◆ **What this task involves**
Output every entry exactly, without any pictures.

Dataset records:
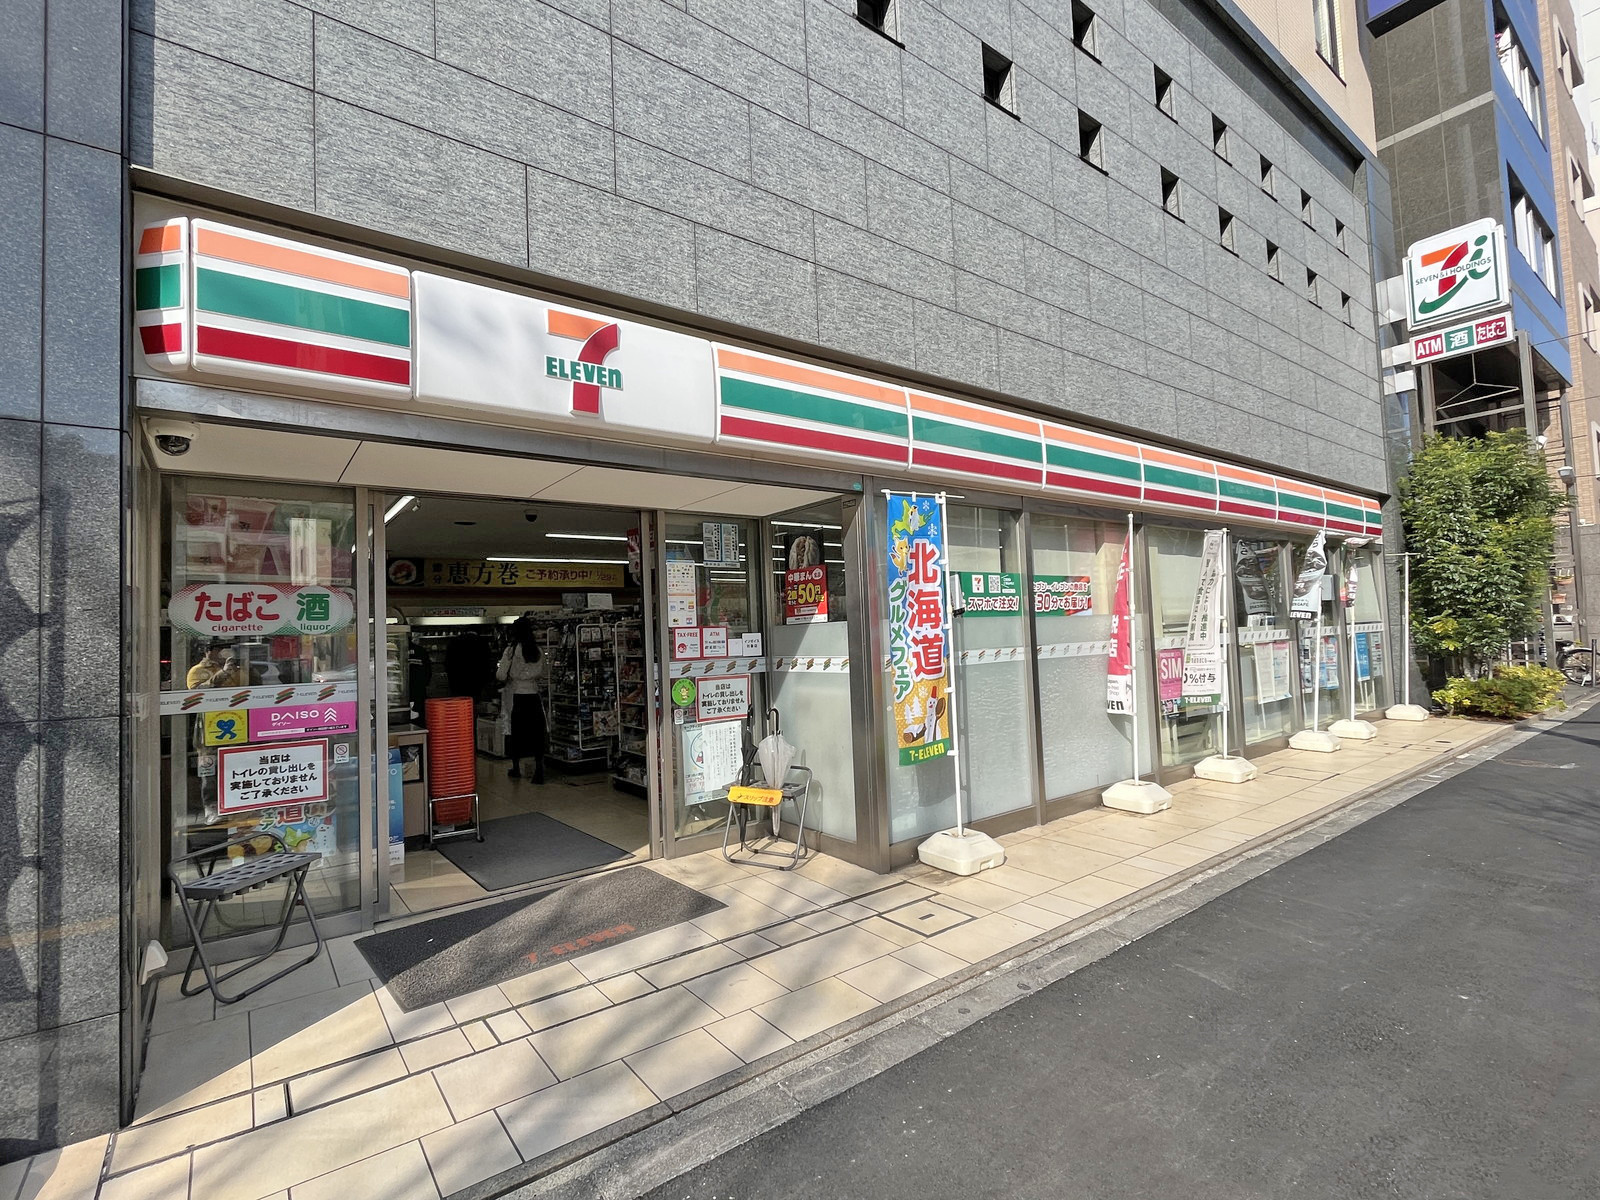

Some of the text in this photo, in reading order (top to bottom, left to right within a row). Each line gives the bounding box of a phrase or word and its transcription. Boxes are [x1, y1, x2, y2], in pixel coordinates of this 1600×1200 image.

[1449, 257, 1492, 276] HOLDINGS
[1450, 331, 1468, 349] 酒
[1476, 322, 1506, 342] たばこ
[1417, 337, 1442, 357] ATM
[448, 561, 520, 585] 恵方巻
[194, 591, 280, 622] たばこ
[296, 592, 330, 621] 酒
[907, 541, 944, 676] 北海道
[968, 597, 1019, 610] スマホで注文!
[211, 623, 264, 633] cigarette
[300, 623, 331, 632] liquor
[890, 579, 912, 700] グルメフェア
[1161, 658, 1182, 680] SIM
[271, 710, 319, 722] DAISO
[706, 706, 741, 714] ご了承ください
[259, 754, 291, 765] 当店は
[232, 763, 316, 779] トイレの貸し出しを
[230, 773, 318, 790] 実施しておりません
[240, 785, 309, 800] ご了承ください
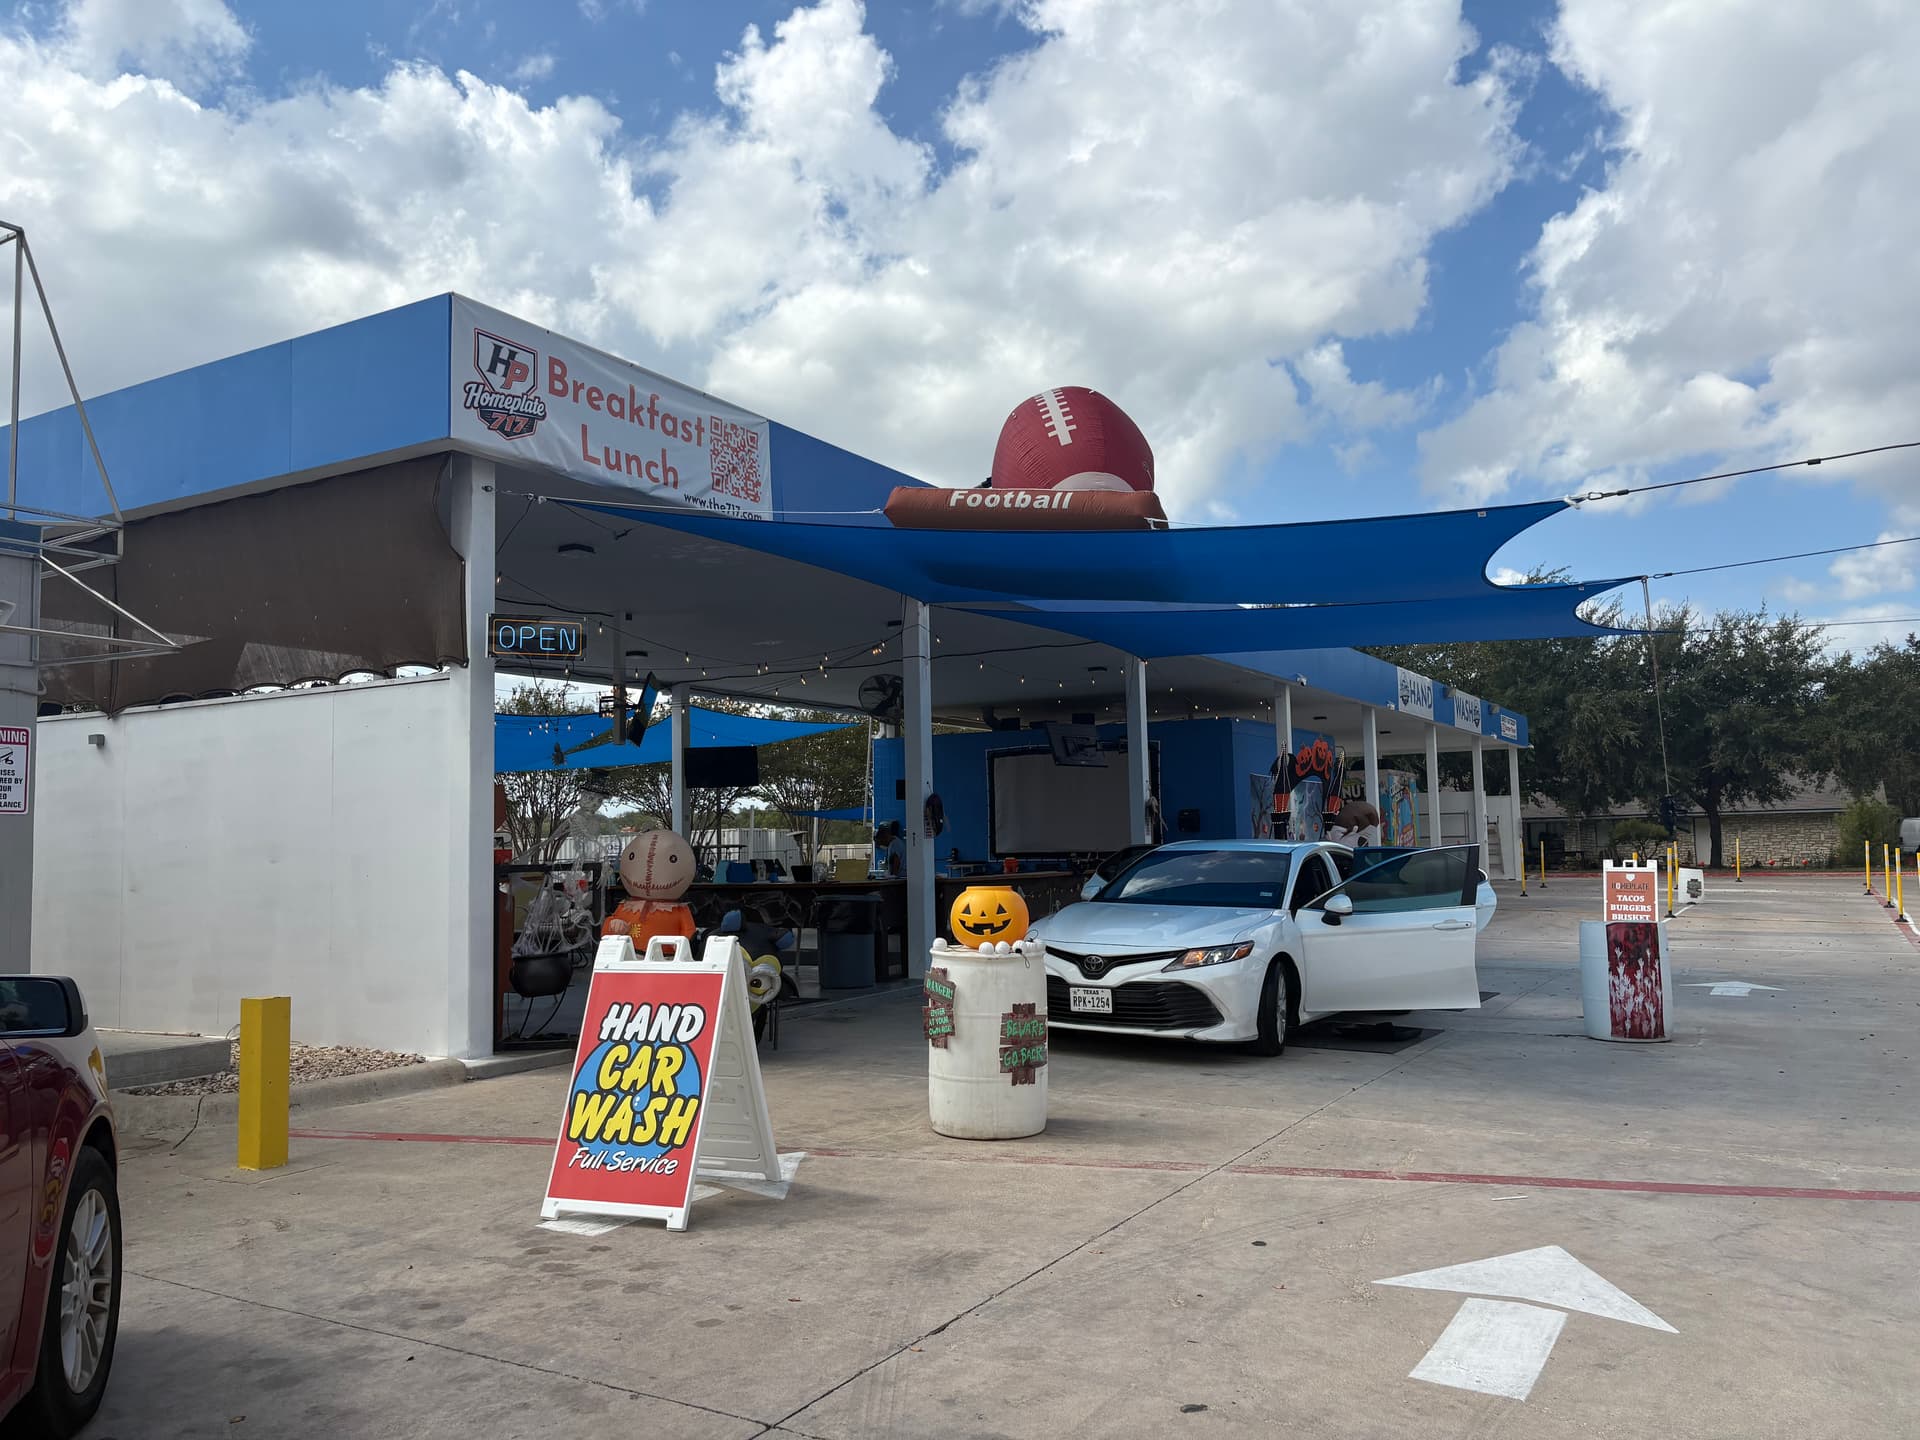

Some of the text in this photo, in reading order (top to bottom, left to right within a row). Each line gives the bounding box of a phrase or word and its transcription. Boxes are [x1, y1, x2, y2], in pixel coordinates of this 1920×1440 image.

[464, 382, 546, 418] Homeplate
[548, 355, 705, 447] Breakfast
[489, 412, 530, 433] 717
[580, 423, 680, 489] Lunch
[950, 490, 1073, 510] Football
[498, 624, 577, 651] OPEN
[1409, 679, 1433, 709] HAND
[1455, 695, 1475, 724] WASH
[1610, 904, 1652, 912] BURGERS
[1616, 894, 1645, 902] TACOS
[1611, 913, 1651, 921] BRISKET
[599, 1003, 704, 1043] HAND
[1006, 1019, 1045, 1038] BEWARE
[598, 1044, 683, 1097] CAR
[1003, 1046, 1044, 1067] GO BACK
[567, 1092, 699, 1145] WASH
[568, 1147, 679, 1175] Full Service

◆ **Result**
Some of the text in this photo, in reading order (top to bottom, left to right within a row). Each line gives the bounding box of a phrase or word and its transcription. Boxes are [x1, y1, x2, y2], in pixel coordinates of this 1600×1200 image.

[1449, 257, 1492, 276] HOLDINGS
[1450, 331, 1468, 349] 酒
[1476, 322, 1506, 342] たばこ
[1417, 337, 1442, 357] ATM
[448, 561, 520, 585] 恵方巻
[194, 591, 280, 622] たばこ
[296, 592, 330, 621] 酒
[907, 541, 944, 676] 北海道
[968, 597, 1019, 610] スマホで注文!
[211, 623, 264, 633] cigarette
[300, 623, 331, 632] liquor
[890, 579, 912, 700] グルメフェア
[1161, 658, 1182, 680] SIM
[271, 710, 319, 722] DAISO
[706, 706, 741, 714] ご了承ください
[259, 754, 291, 765] 当店は
[232, 763, 316, 779] トイレの貸し出しを
[230, 773, 318, 790] 実施しておりません
[240, 785, 309, 800] ご了承ください

Some of the text in this photo, in reading order (top to bottom, left to right within a row). Each line gives the bounding box of a phrase or word and its transcription. Boxes are [x1, y1, x2, y2], in pixel coordinates of this 1920×1440 image.

[464, 382, 546, 418] Homeplate
[548, 355, 705, 447] Breakfast
[489, 412, 530, 433] 717
[580, 423, 680, 489] Lunch
[950, 490, 1073, 510] Football
[498, 624, 577, 651] OPEN
[1409, 679, 1433, 709] HAND
[1455, 695, 1475, 724] WASH
[1610, 904, 1652, 912] BURGERS
[1616, 894, 1645, 902] TACOS
[1611, 913, 1651, 921] BRISKET
[599, 1003, 704, 1043] HAND
[1006, 1019, 1045, 1038] BEWARE
[598, 1044, 683, 1097] CAR
[1003, 1046, 1044, 1067] GO BACK
[567, 1092, 699, 1145] WASH
[568, 1147, 679, 1175] Full Service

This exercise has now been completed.